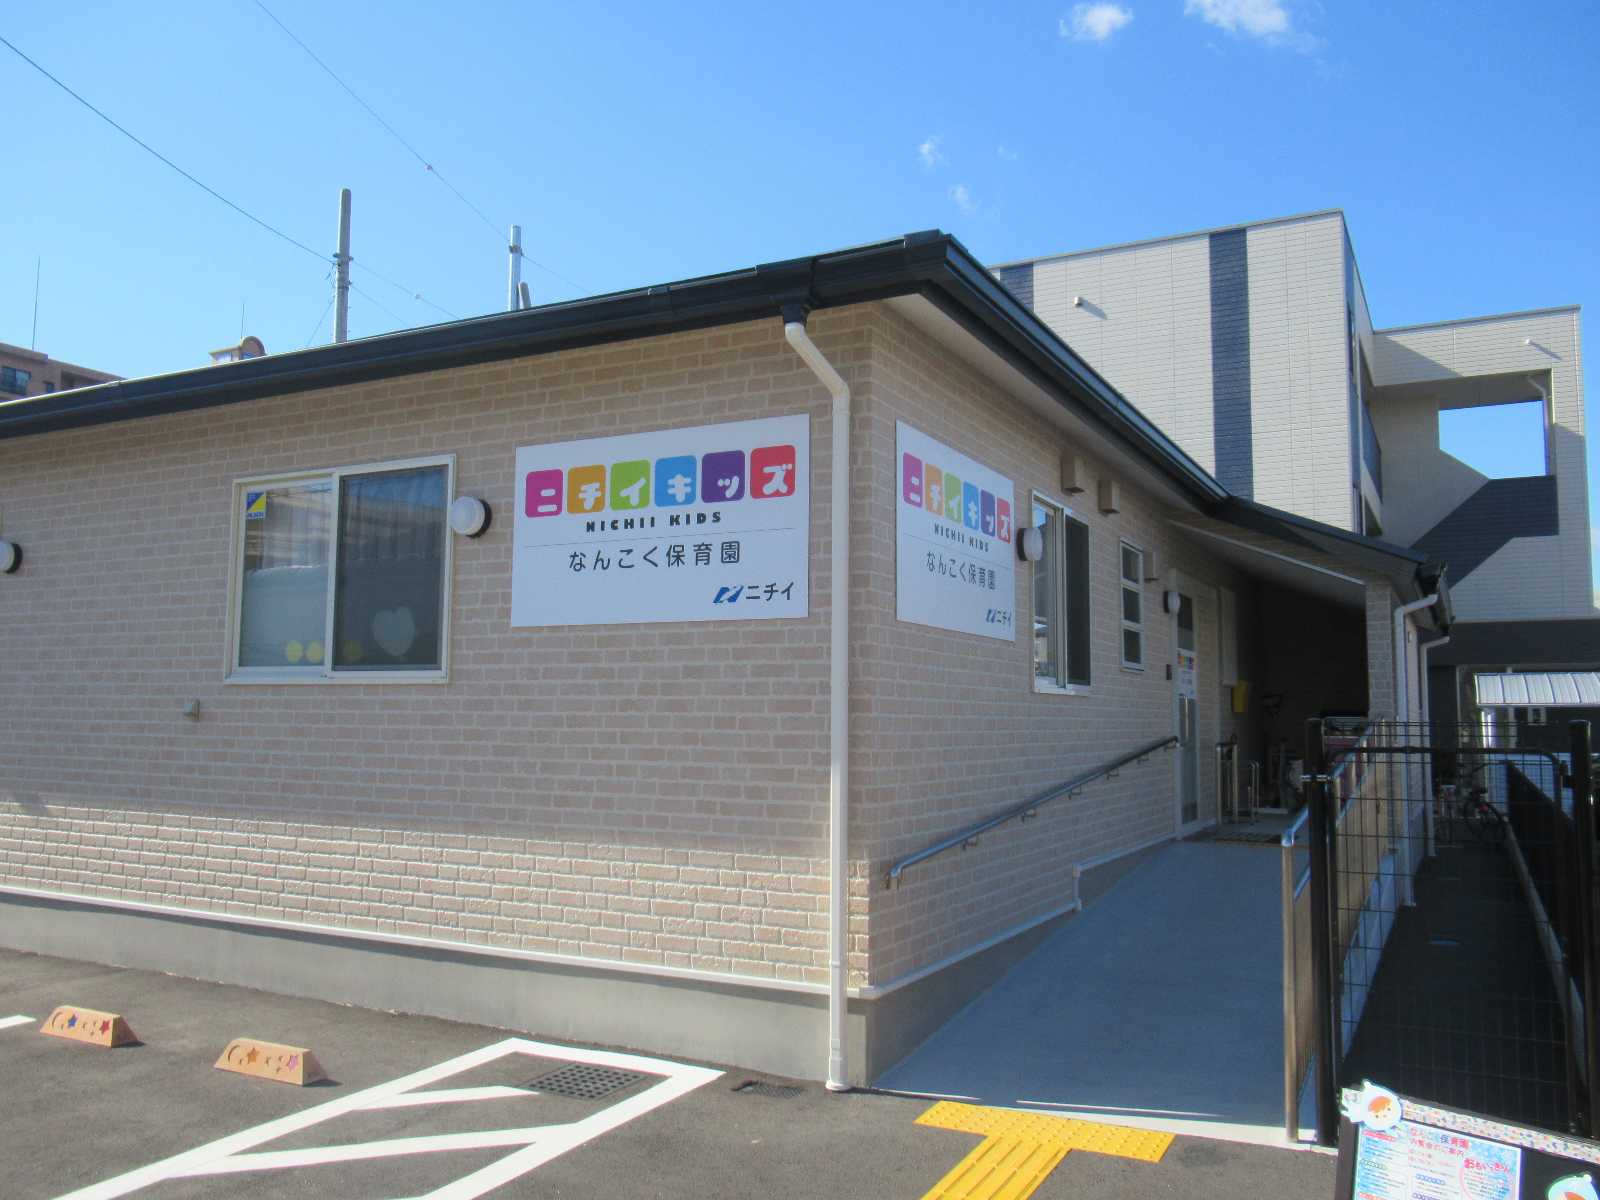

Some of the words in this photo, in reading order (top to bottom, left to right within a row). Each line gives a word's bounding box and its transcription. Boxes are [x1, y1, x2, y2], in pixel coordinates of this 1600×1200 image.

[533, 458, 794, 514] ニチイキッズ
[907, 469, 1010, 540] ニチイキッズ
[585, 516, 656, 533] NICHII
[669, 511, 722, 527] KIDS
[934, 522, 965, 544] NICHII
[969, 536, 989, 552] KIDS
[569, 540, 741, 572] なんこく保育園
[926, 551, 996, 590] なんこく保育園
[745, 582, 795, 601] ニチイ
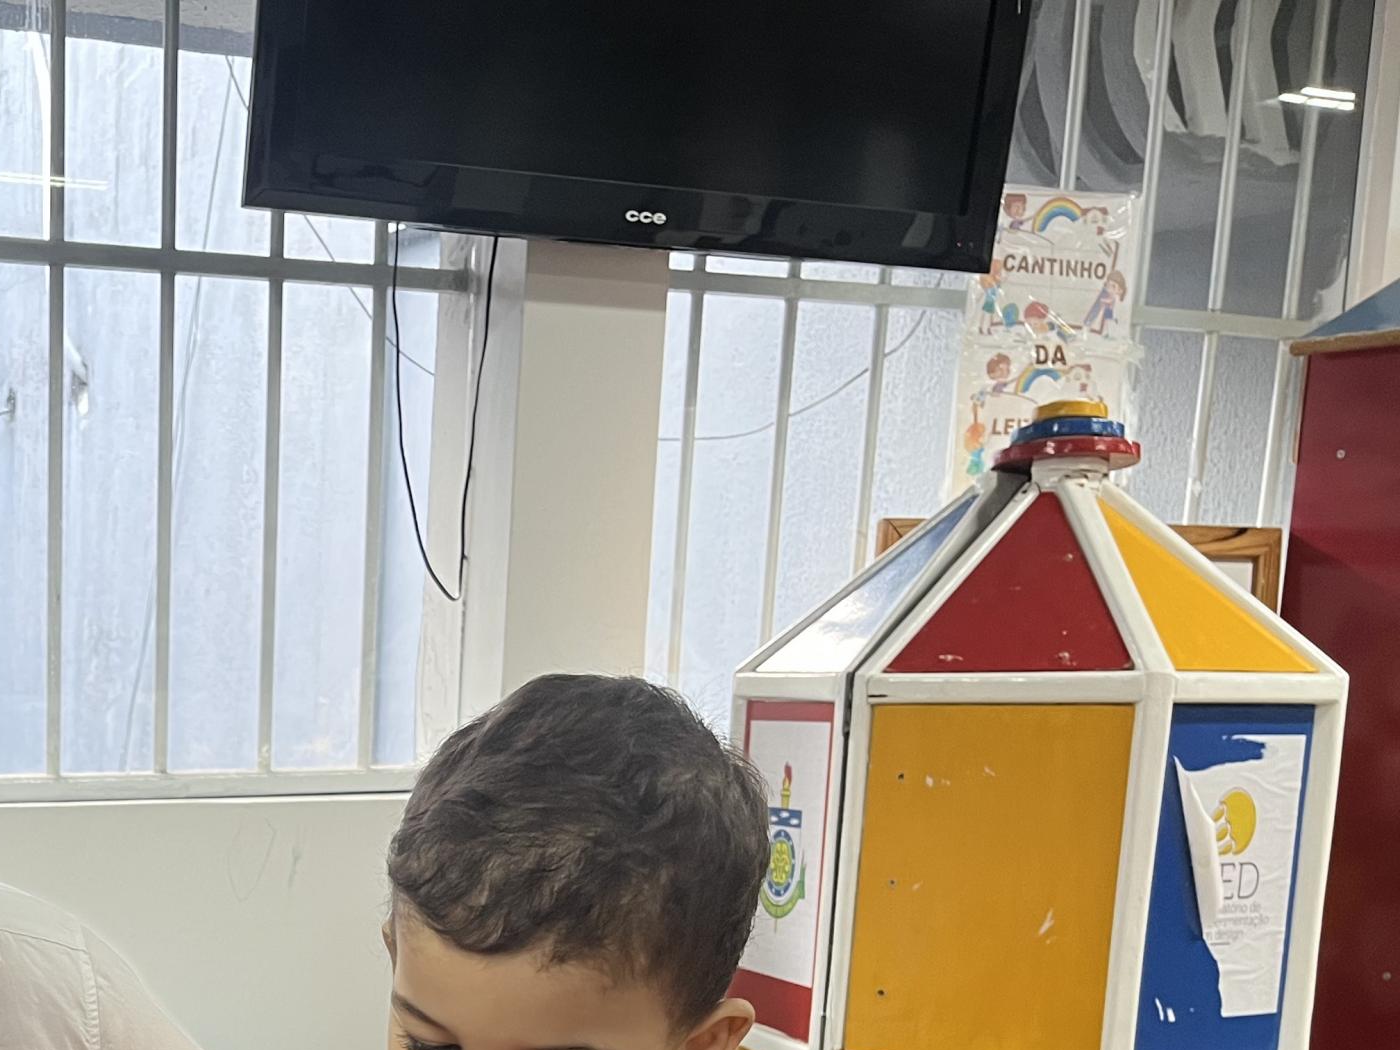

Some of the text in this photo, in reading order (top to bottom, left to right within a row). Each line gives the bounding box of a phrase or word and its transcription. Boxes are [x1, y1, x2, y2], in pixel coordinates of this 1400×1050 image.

Task requirements =>
Word for word, quote the lines above. Omit the pictures.

Response to this task =>
Some of the words in this photo, in reading order (top to bottom, left to right within a row). Each line gives a word's bounding box and its transcription. Boxes are [x1, y1, x2, y2], in pixel coordinates of this 1600×1200 image.

[533, 458, 794, 514] ニチイキッズ
[907, 469, 1010, 540] ニチイキッズ
[585, 516, 656, 533] NICHII
[669, 511, 722, 527] KIDS
[934, 522, 965, 544] NICHII
[969, 536, 989, 552] KIDS
[569, 540, 741, 572] なんこく保育園
[926, 551, 996, 590] なんこく保育園
[745, 582, 795, 601] ニチイ

Some of the text in this photo, in reading order (top to bottom, left to right within a row). Each line gives the bounding box of a phrase or word and its transcription. Boxes are [x1, y1, x2, y2], in pixel coordinates of this 1400×1050 image.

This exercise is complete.